Okay, that’s a blanket statement and there are a few qualifiers, but in this Twitter-led world of black-and-white, no-one’s interested in those qualifiers.
Stress is a mental and physical response to stimuli, and we have the ability to choose our response because we are intellectual beings with the ability to think about what we think about, so we can decide to think “Wow that bus nearly hit me! I could be DEAD!” or “Wow, that bus missed me! How lucky am I?” Most otherwise healthy people opt for the first response and start a downward spiral that would stop – if they just chose to take control.
Which is the primary benefit of the art that is called Time Management. Yes, managing the way you utilise your time has a great productivity benefit, but there is huge scientific opinion that being in control is the greatest vaccination against stress there could be.
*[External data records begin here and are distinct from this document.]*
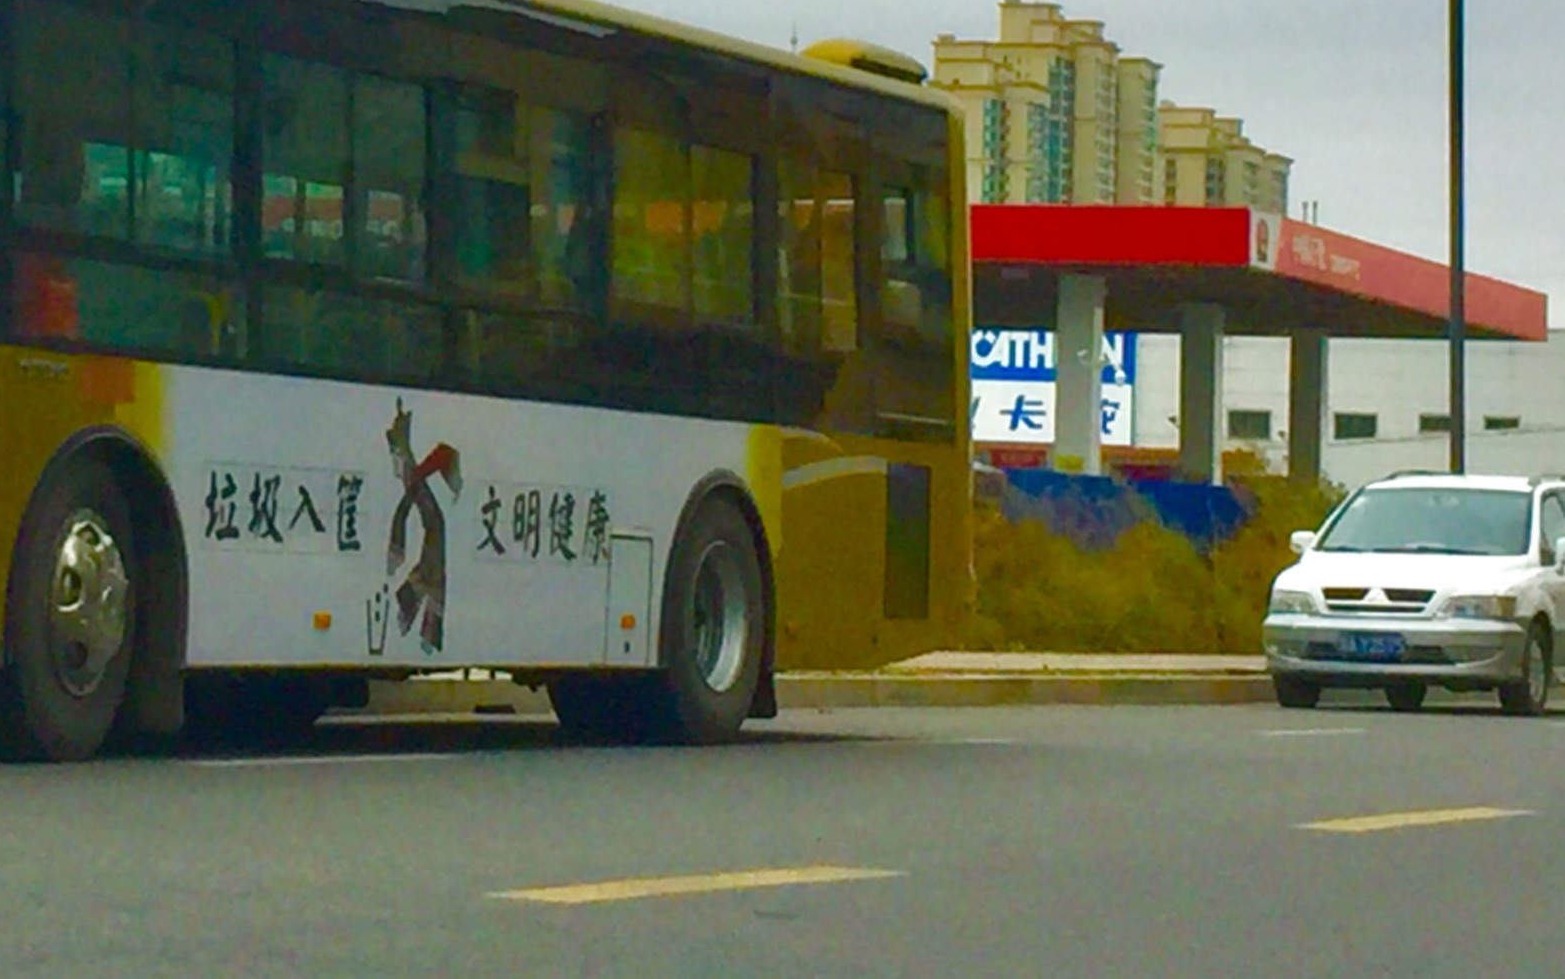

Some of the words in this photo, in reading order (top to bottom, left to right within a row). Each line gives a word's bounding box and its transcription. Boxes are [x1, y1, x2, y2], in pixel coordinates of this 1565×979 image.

[205, 471, 363, 551] 垃圾入筐
[477, 485, 611, 566] 文明健康
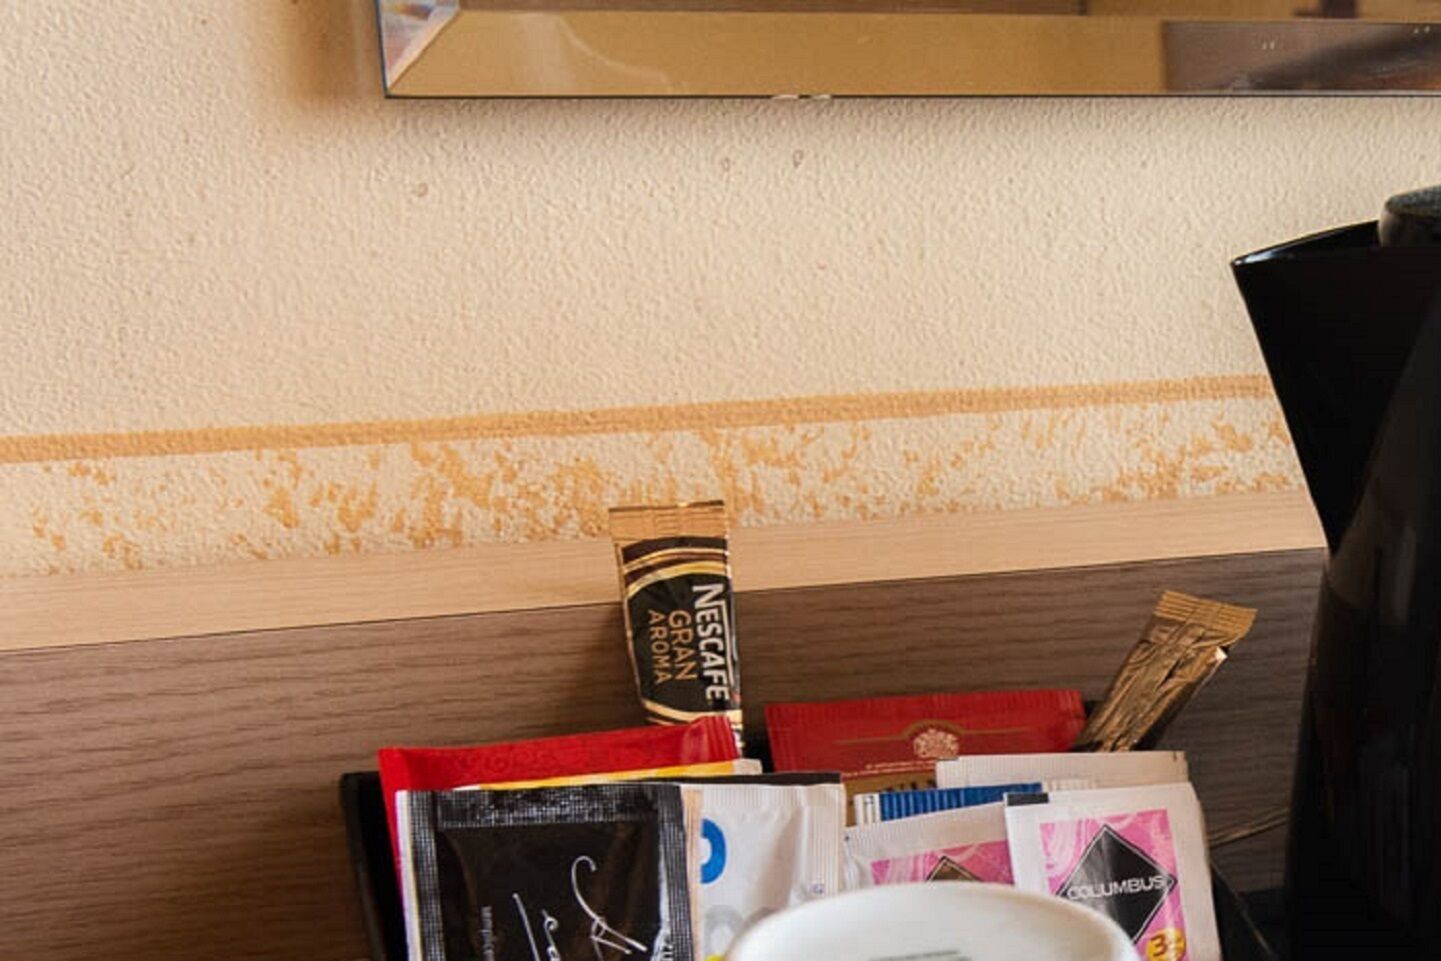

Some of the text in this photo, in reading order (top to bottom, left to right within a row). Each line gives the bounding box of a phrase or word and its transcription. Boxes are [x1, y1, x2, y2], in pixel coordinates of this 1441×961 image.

[648, 609, 671, 685] AROMA
[668, 609, 698, 681] GRAN
[1066, 875, 1167, 900] COLUMBUS
Of course, you can’t prevent nasty things happening, and no-one is pretending that making a positive choice is easy – but if you are clever enough to read, you’re clever enough to pause, consider, mull, and then decide that what happened or is happening will not control you – YOU will control your response to the event.
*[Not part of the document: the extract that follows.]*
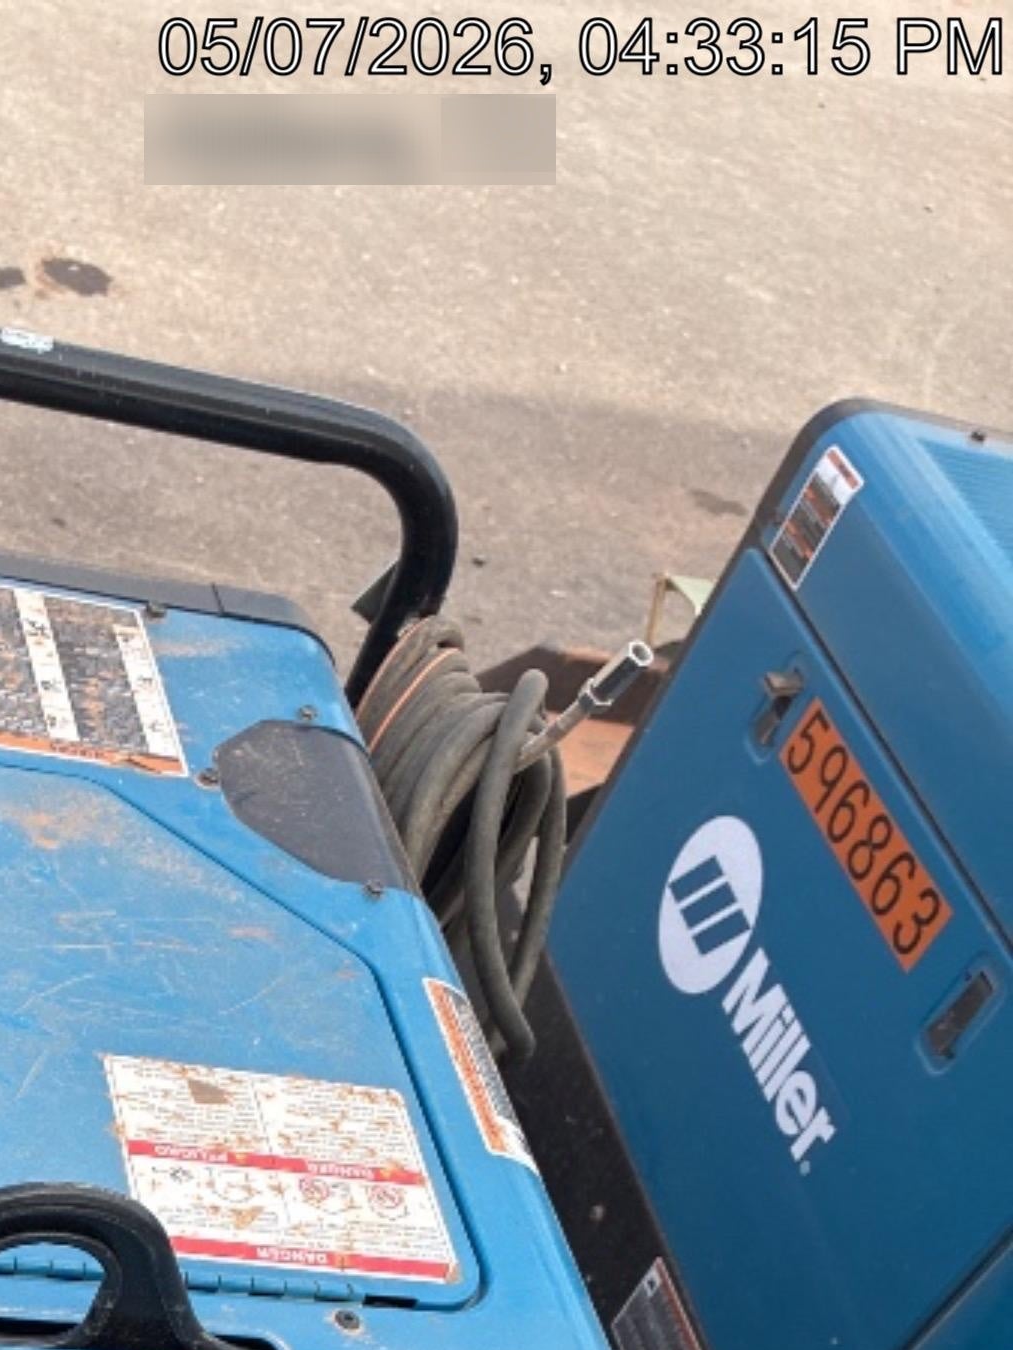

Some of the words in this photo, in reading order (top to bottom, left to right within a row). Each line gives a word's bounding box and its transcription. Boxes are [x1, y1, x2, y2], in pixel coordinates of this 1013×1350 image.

[787, 708, 941, 957] 596863
[721, 947, 836, 1163] Miller
[256, 1247, 328, 1265] DANGER
How do I know this is true? I know because not every war veteran gets PTSD, not every depressive commits suicide, some people thrive on being busy, and people can forgive some serious wrongs committed against them. The difference is not the event, it is the ability of the individual to deal, and they deal by taking charge. Some people’s ability to deal may well be compromised by any one of a number of good reasons, and they deserve sympathy, help, treatment where appropriate.
But if a man like Viktor Frankl can survive a concentration camp, and the experience of seeing his family killed by Nazis, you can cope with an excessive workload. And in that poor analogy, you cope by taking charge of the workload, by staring at it and thinking, “Poor Me.” That approach makes the problem bigger because inaction breeds work. The pile gets bigger if you leave it, not smaller.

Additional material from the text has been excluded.